BEGIN Recorded information

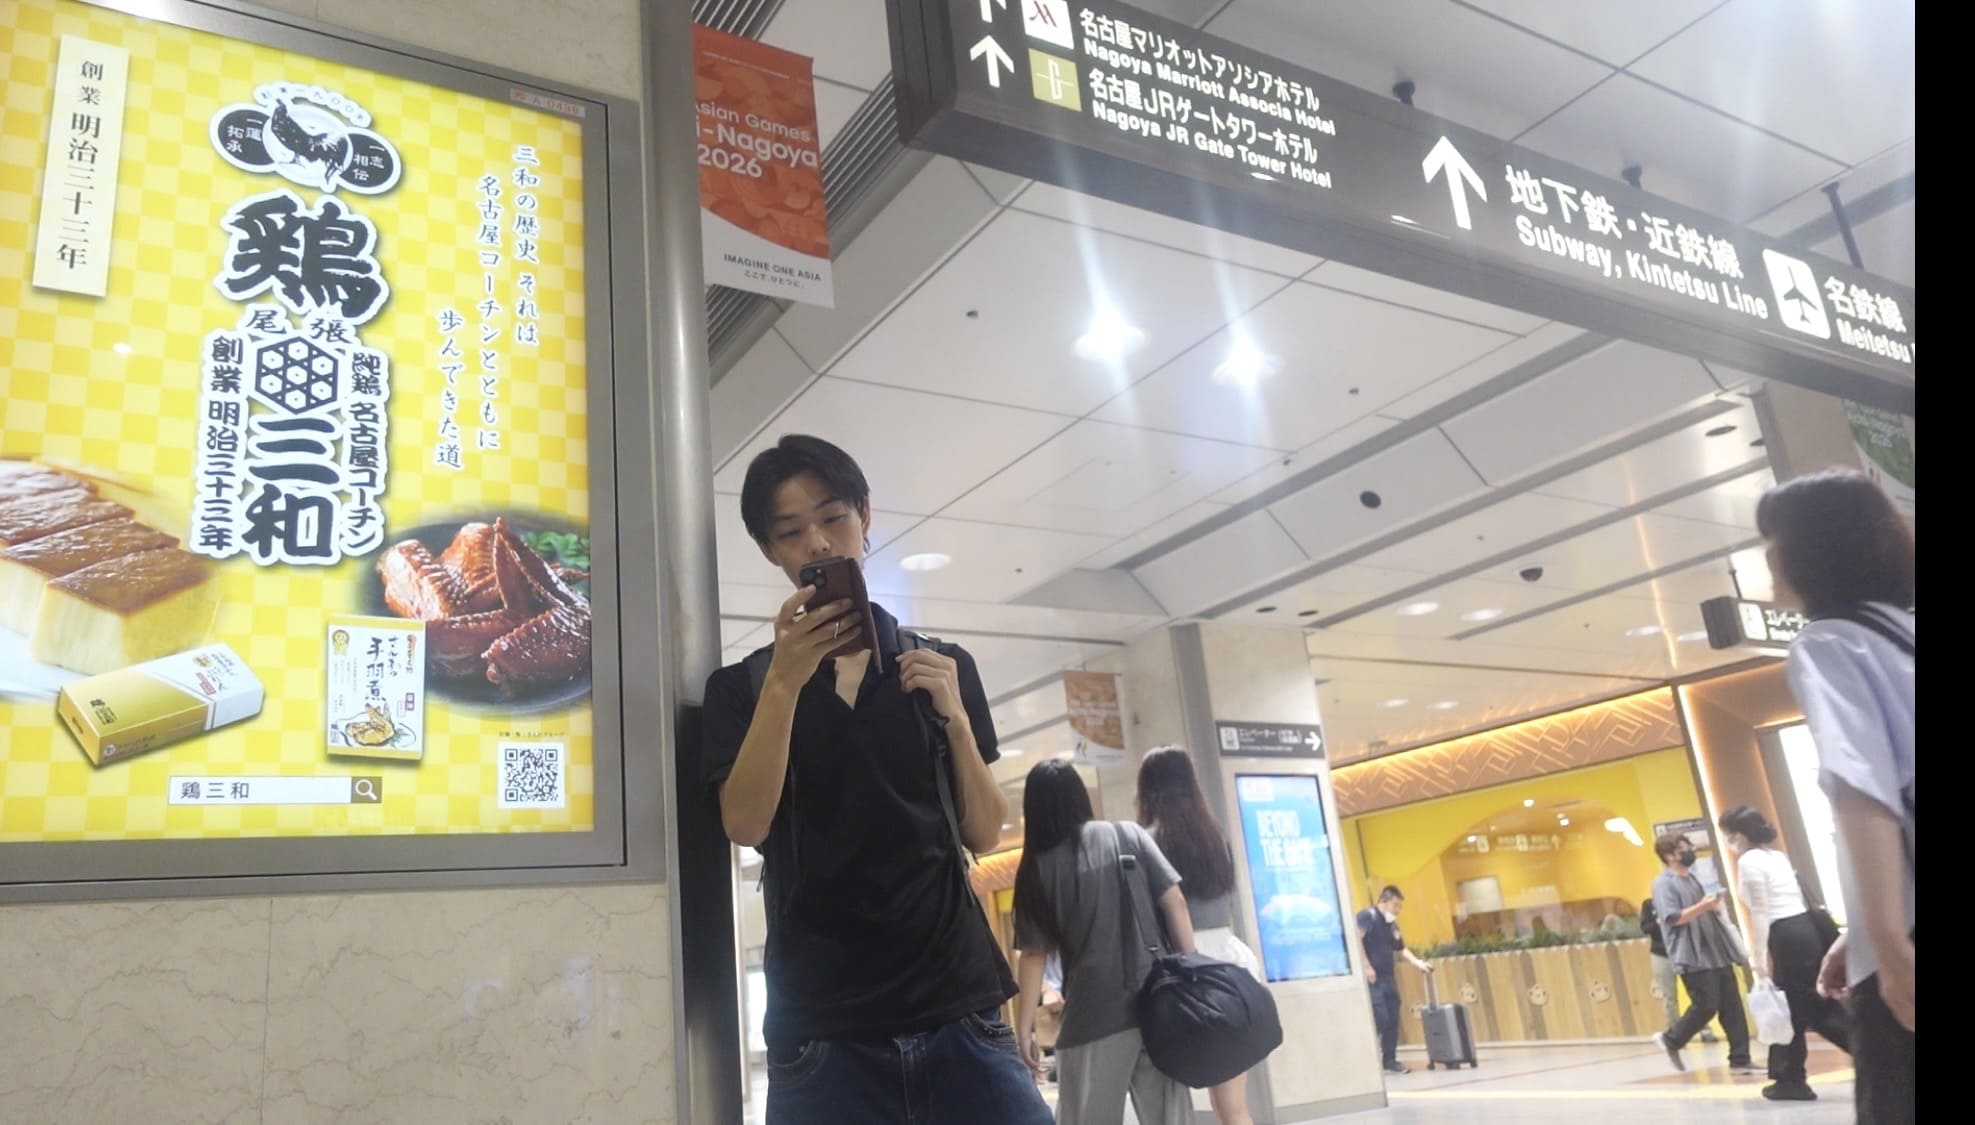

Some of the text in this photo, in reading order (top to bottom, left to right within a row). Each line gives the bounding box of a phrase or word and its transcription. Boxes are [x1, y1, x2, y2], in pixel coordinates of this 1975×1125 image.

[1080, 8, 1320, 112] 名古屋マリオットアソシアホテル
[1084, 38, 1336, 136] Nagoya Marriott Associa Hotel
[697, 144, 763, 179] 2026
[745, 112, 811, 142] Games
[1089, 68, 1318, 164] 名古屋JRゲートタワーホテル
[1093, 99, 1332, 188] Nagoya JR Gate Tower Hotel
[225, 194, 382, 320] 鶏
[514, 146, 539, 345] 三和の歴史 それは
[724, 253, 822, 281] IMAGINE ONE ASIA
[1505, 164, 1744, 279] 地下鉄・近鉄線
[1515, 214, 1769, 320] Subway, Kintetsu Line
[246, 309, 352, 344] 尾張
[478, 176, 502, 449] 名古屋コーチンとともに
[1824, 276, 1907, 333] 名鉄線
[1836, 318, 1912, 364] Meitetsu
[436, 310, 464, 470] 歩んできた道
[241, 417, 340, 558] 三和
[365, 636, 386, 702] 手羽煮
[181, 781, 249, 800] 鶏三和
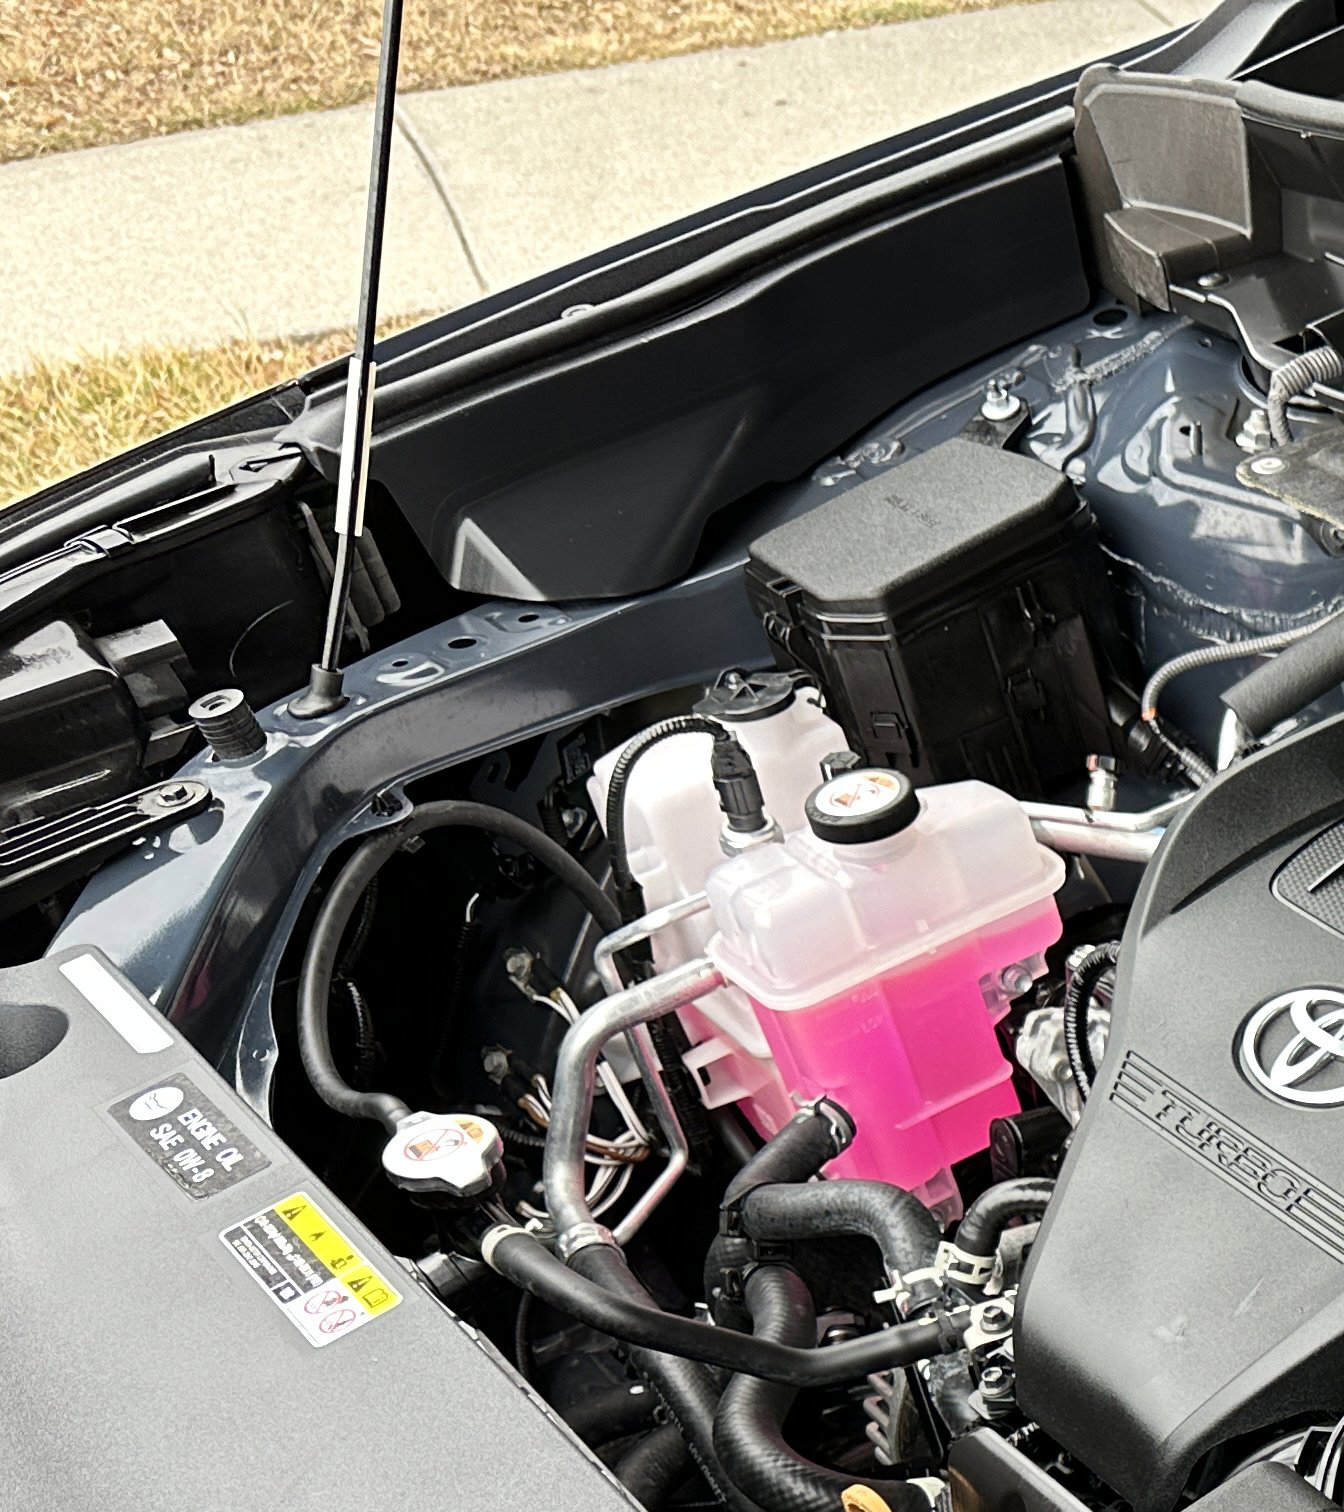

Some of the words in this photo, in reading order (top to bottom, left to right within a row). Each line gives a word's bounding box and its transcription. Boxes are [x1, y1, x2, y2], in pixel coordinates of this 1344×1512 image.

END Recorded information

Leave out the pictures; repeat the data exactly.

Some of the text in this photo, in reading order (top to bottom, left to right within a row). Each line gives the bounding box of a phrase or word and its transcription. Boxes are [x1, y1, x2, y2], in pixel coordinates of this 1975×1125 image.

[1080, 8, 1320, 112] 名古屋マリオットアソシアホテル
[1084, 38, 1336, 136] Nagoya Marriott Associa Hotel
[697, 144, 763, 179] 2026
[745, 112, 811, 142] Games
[1089, 68, 1318, 164] 名古屋JRゲートタワーホテル
[1093, 99, 1332, 188] Nagoya JR Gate Tower Hotel
[225, 194, 382, 320] 鶏
[514, 146, 539, 345] 三和の歴史 それは
[724, 253, 822, 281] IMAGINE ONE ASIA
[1505, 164, 1744, 279] 地下鉄・近鉄線
[1515, 214, 1769, 320] Subway, Kintetsu Line
[246, 309, 352, 344] 尾張
[478, 176, 502, 449] 名古屋コーチンとともに
[1824, 276, 1907, 333] 名鉄線
[1836, 318, 1912, 364] Meitetsu
[436, 310, 464, 470] 歩んできた道
[241, 417, 340, 558] 三和
[365, 636, 386, 702] 手羽煮
[181, 781, 249, 800] 鶏三和

Some of the words in this photo, in reading order (top to bottom, left to right within a row). Each line gives a word's bounding box and its transcription. Boxes are [x1, y1, x2, y2], in pixel coordinates of this 1344×1512 image.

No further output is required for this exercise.